◆ Task to complete
Exact transcription of the records is required.

-- Raw data follows --

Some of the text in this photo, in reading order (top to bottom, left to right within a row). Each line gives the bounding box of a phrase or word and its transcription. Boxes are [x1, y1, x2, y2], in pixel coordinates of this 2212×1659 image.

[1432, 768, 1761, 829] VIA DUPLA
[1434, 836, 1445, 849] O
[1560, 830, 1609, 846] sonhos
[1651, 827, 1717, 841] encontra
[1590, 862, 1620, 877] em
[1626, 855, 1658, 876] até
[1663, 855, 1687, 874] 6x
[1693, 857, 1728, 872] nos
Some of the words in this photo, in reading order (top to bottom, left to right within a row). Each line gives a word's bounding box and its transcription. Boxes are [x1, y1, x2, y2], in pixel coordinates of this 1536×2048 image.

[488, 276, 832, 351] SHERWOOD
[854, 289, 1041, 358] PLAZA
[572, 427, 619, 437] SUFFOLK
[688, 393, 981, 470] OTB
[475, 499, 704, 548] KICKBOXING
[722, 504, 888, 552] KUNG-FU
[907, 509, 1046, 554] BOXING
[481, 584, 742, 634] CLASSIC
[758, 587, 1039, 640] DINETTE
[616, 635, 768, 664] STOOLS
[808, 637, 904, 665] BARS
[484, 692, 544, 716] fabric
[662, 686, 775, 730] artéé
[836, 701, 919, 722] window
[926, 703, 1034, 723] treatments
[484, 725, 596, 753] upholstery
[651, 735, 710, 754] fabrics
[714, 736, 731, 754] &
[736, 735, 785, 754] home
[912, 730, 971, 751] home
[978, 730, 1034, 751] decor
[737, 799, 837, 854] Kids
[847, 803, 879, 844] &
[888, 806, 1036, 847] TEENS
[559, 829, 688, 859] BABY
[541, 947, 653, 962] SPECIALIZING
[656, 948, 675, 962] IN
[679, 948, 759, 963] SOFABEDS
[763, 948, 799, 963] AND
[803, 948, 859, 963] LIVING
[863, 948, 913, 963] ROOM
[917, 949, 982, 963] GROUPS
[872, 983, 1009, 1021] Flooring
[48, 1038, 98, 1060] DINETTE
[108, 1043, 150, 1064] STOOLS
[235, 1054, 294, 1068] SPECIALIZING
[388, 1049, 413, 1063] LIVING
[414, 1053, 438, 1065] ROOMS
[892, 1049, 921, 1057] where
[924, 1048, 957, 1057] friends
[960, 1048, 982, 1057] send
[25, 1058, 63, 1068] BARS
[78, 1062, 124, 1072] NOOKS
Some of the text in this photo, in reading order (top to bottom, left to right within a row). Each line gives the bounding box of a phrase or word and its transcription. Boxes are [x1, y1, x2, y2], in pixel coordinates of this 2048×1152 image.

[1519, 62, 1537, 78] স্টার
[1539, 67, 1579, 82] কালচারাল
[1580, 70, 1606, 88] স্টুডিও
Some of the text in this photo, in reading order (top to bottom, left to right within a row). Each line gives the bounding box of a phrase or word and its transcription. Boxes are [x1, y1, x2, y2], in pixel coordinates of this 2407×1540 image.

-- Raw data concluded --

◆ Exercise solution
Some of the text in this photo, in reading order (top to bottom, left to right within a row). Each line gives the bounding box of a phrase or word and its transcription. Boxes are [x1, y1, x2, y2], in pixel coordinates of this 2212×1659 image.

[1432, 768, 1761, 829] VIA DUPLA
[1434, 836, 1445, 849] O
[1560, 830, 1609, 846] sonhos
[1651, 827, 1717, 841] encontra
[1590, 862, 1620, 877] em
[1626, 855, 1658, 876] até
[1663, 855, 1687, 874] 6x
[1693, 857, 1728, 872] nos
Some of the words in this photo, in reading order (top to bottom, left to right within a row). Each line gives a word's bounding box and its transcription. Boxes are [x1, y1, x2, y2], in pixel coordinates of this 1536×2048 image.

[488, 276, 832, 351] SHERWOOD
[854, 289, 1041, 358] PLAZA
[572, 427, 619, 437] SUFFOLK
[688, 393, 981, 470] OTB
[475, 499, 704, 548] KICKBOXING
[722, 504, 888, 552] KUNG-FU
[907, 509, 1046, 554] BOXING
[481, 584, 742, 634] CLASSIC
[758, 587, 1039, 640] DINETTE
[616, 635, 768, 664] STOOLS
[808, 637, 904, 665] BARS
[484, 692, 544, 716] fabric
[662, 686, 775, 730] artéé
[836, 701, 919, 722] window
[926, 703, 1034, 723] treatments
[484, 725, 596, 753] upholstery
[651, 735, 710, 754] fabrics
[714, 736, 731, 754] &
[736, 735, 785, 754] home
[912, 730, 971, 751] home
[978, 730, 1034, 751] decor
[737, 799, 837, 854] Kids
[847, 803, 879, 844] &
[888, 806, 1036, 847] TEENS
[559, 829, 688, 859] BABY
[541, 947, 653, 962] SPECIALIZING
[656, 948, 675, 962] IN
[679, 948, 759, 963] SOFABEDS
[763, 948, 799, 963] AND
[803, 948, 859, 963] LIVING
[863, 948, 913, 963] ROOM
[917, 949, 982, 963] GROUPS
[872, 983, 1009, 1021] Flooring
[48, 1038, 98, 1060] DINETTE
[108, 1043, 150, 1064] STOOLS
[235, 1054, 294, 1068] SPECIALIZING
[388, 1049, 413, 1063] LIVING
[414, 1053, 438, 1065] ROOMS
[892, 1049, 921, 1057] where
[924, 1048, 957, 1057] friends
[960, 1048, 982, 1057] send
[25, 1058, 63, 1068] BARS
[78, 1062, 124, 1072] NOOKS
Some of the text in this photo, in reading order (top to bottom, left to right within a row). Each line gives the bounding box of a phrase or word and its transcription. Boxes are [x1, y1, x2, y2], in pixel coordinates of this 2048×1152 image.

[1519, 62, 1537, 78] স্টার
[1539, 67, 1579, 82] কালচারাল
[1580, 70, 1606, 88] স্টুডিও
Some of the text in this photo, in reading order (top to bottom, left to right within a row). Each line gives the bounding box of a phrase or word and its transcription. Boxes are [x1, y1, x2, y2], in pixel coordinates of this 2407×1540 image.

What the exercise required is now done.